Not knowing which way the farm bill winds will blow has peanut farmers in a tizzy. Here it is April and farmers still have no firm direction, as of presstime, about what they'll plant for 2002 — either under a new program or an extension of the old one.

The situation was still up in the air for many Virginia peanut producers as they neared the window for planting. Like many, Virginia grower, Billy Bain of Dinwiddie, Va., negotiated rent back in the winter. “When I negotiated rent with my landowners, I told them there was a possibility that we'd have a new program. They listened, but I'm not sure they took my case. Now, if we have a new peanut program in place for this season, I'm going to have to go around and renegotiate.”

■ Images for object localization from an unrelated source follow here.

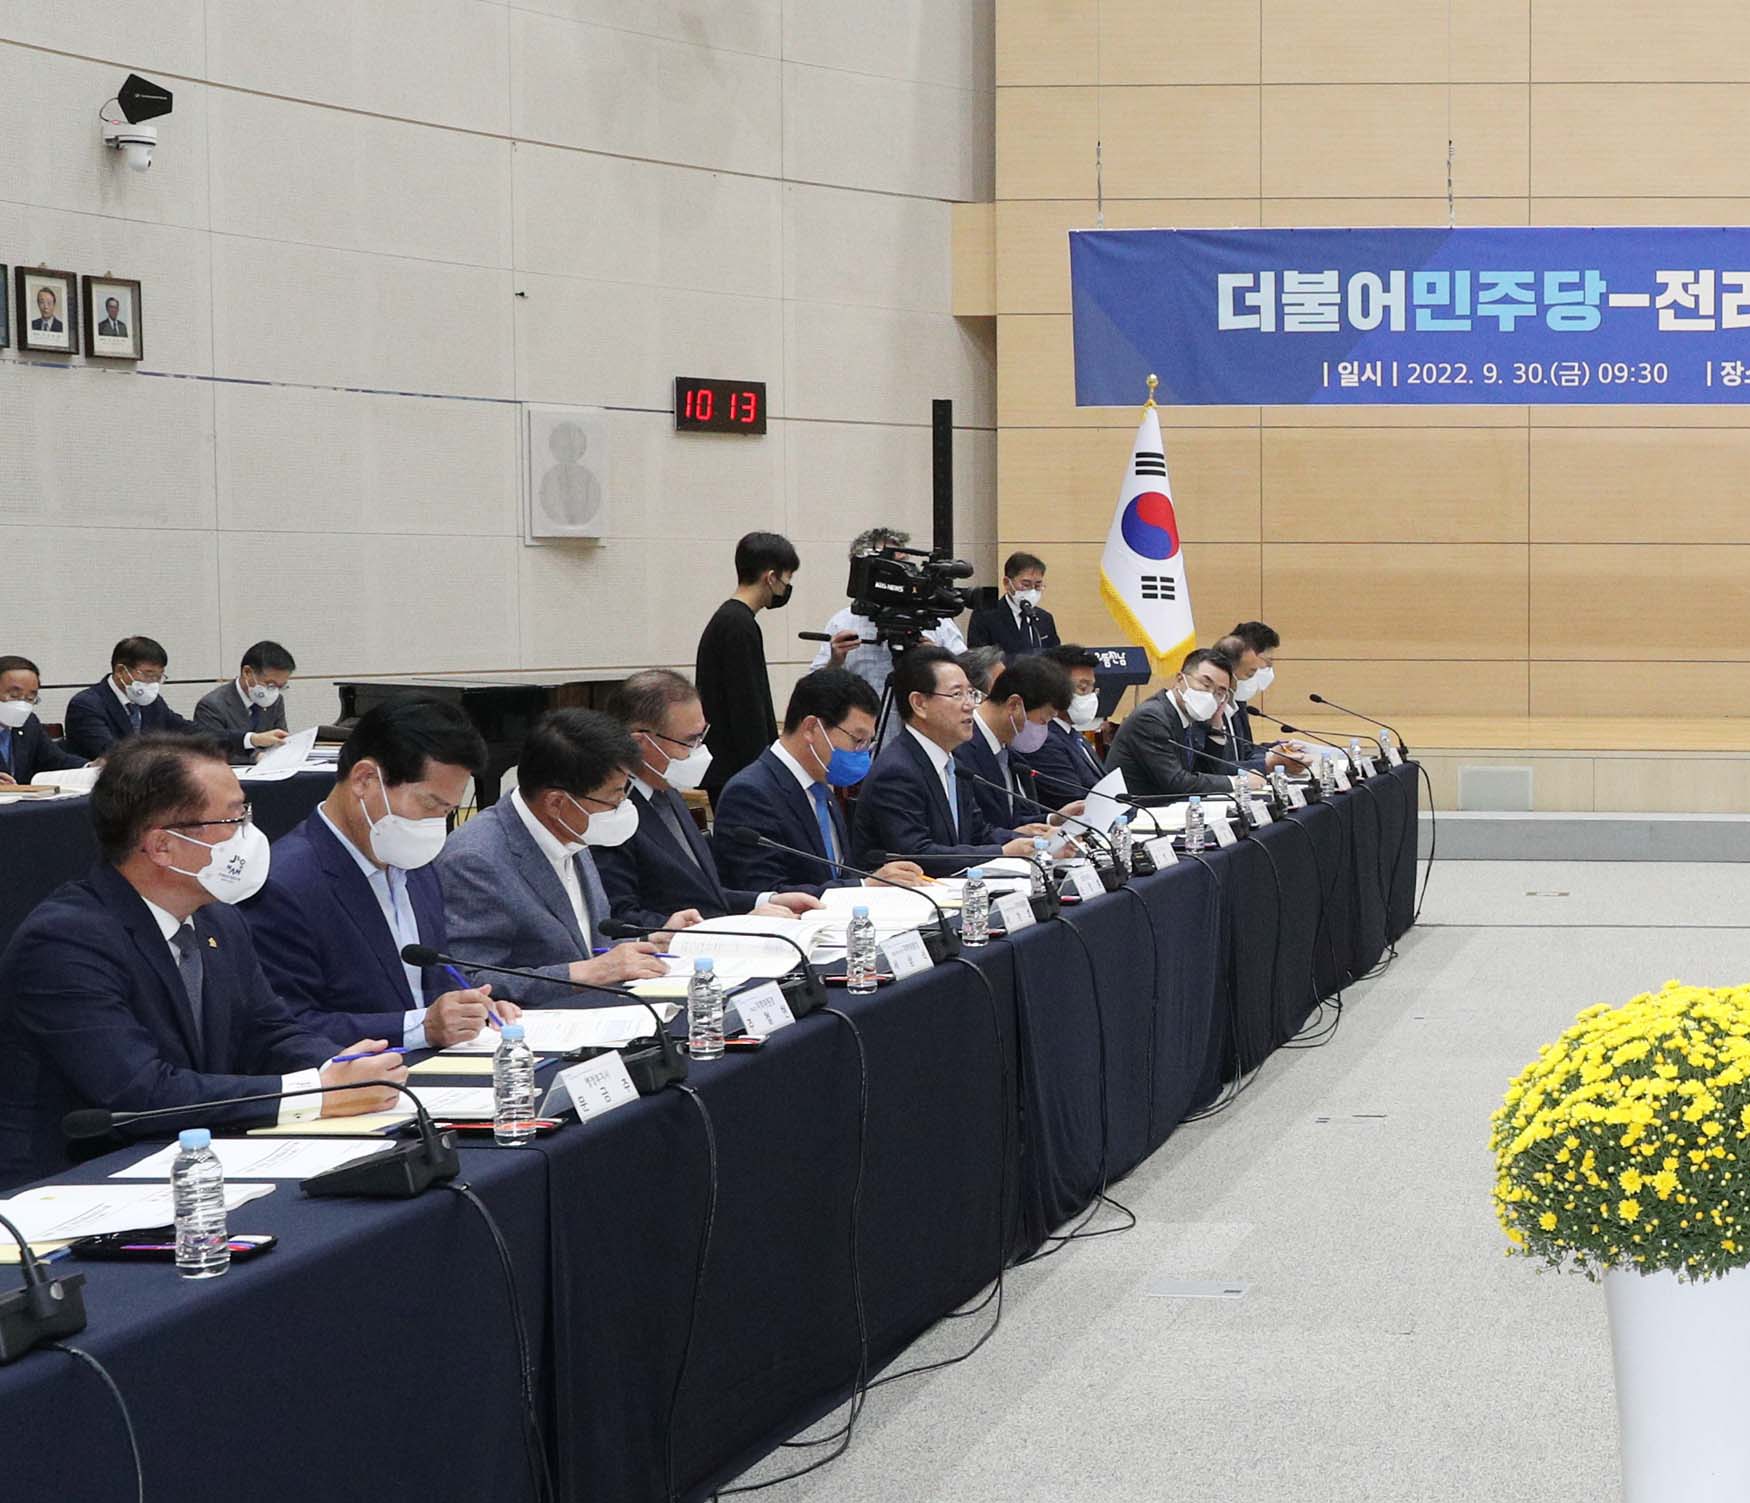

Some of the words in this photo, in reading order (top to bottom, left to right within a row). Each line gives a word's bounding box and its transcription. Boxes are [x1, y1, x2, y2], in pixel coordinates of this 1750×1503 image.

[1337, 360, 1382, 387] 일시
[1407, 362, 1474, 384] 2022.
[1482, 362, 1503, 384] 9.
[1512, 361, 1590, 387] 30.(금)
[1598, 362, 1668, 384] 09:30
[684, 388, 713, 420] 10
[729, 391, 757, 423] 13

Bain is waiting to see what will happen. In late March, he had a “gut feeling” that the current program would be extended another year. Should that happen, he plans to cut production 20 to 22 percent on his 600 acres. If peanuts are under a new program, “the cut could be much greater. It's going to be very confusing if they change it now.”

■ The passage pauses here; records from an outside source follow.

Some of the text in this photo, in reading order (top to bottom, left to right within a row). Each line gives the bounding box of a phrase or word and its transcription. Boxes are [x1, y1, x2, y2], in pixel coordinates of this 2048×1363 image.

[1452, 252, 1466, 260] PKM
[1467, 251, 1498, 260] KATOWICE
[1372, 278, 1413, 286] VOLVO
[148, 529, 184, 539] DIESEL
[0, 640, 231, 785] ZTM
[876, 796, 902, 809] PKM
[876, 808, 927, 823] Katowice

The first week of April, Bain was in the field planting corn. “We already have investments in the farm,” he says. “It's got me in a tizzy.”

It's a similar situation for Tom Clements, who farms both sides of the state line of North Carolina and Virginia.

“I know we can't live in this environment very long,” he says. “I've got operating loans. And I don't see the landowners giving us a break on rent.”

Clements feels like the V-C, which he describes as the “most efficient in the country,” is being put on the chopping block with the legislation in Congress.